He laughs. He glances at the music Arthur picked out and while he’s surprised to see some of his favorite pieces on display—Seitz’s concertos and Corelli’s “La Folia” and Veracini’s gigue—they don’t feel right. For the first time, he wants to share exactly what this means to him, exactly what it feels like to play the violin, especially after his mother’s death. He takes a deep breath and says, “Actually…I have this music I wrote my last year in college. I haven’t played it in years, and no one’s ever heard it. I could play that.”

Arthur’s smile makes him feel warm down to his bones, the sun on a spring day. “That’s fine. I just want to hear you play.”

He nods, unzips the case, and runs his fingers gently over the violin. The fingerboard is worn in some places by countless other hands, but when he runs the bow over the strings, it’s perfectly in tune. The sound is warm and rich and beautiful and Merlin lets it roll over him, pick him up, and sweep him away.

_It rained for three days after his mother died. Water poured from the sky, soaked the grass and the trees and the road. Lightning lit up the sky and waves of thunder boomed so loud they shook the glass in the window panes. Merlin stayed at home, his safe port, and stared out the window, losing himself to the storm. The sky was grey, the lights were off, and it felt like he moved through those three days half asleep._

_He wanted to wake up. He wanted to capture a piece of the storm for himself.

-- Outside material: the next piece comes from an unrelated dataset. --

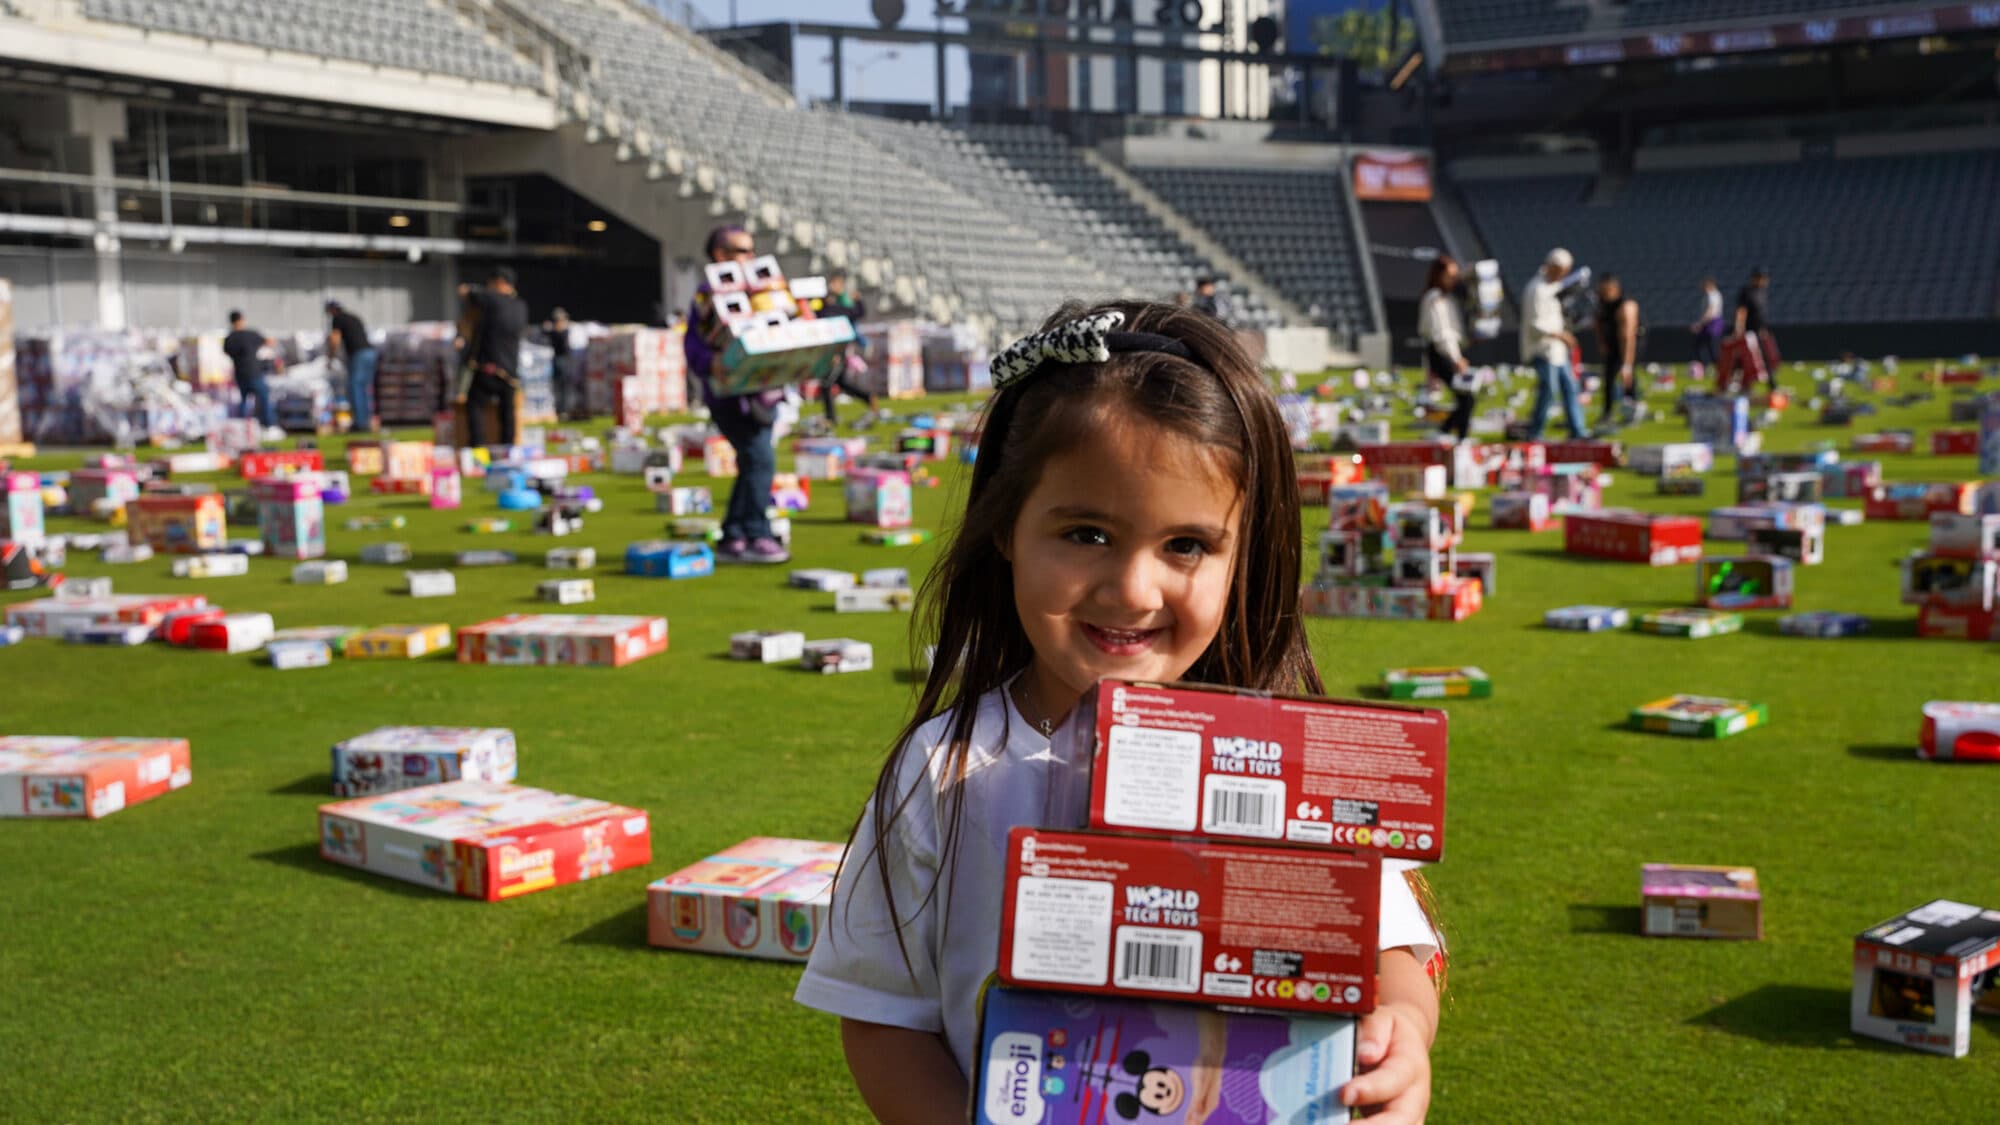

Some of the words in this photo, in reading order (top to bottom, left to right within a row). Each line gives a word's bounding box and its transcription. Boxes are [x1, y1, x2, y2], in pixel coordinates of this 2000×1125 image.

He wanted to play something his mother could hear, no matter where she was, and know how much she had meant to him._

_On the fourth day, the rain stopped. He drove to his mother’s empty house and played the song he’d written._

Merlin’s eyes flutter open and he looks at Arthur (and when did he get so close?) for…something. Approval, maybe. He doesn’t expect to see such an intense expression on his face, or the raw emotion in his eyes. And maybe it’s the adrenaline or the fluttering in his stomach or the fact that Arthur is finally _so close_ , the way he’s been wanting this entire time without even realizing it, but Merlin finds himself reaching out and pulling Arthur even closer, holding the violin out of the way as he crushes their bodies together and kisses him as if he’s never wanted anything else.


End file.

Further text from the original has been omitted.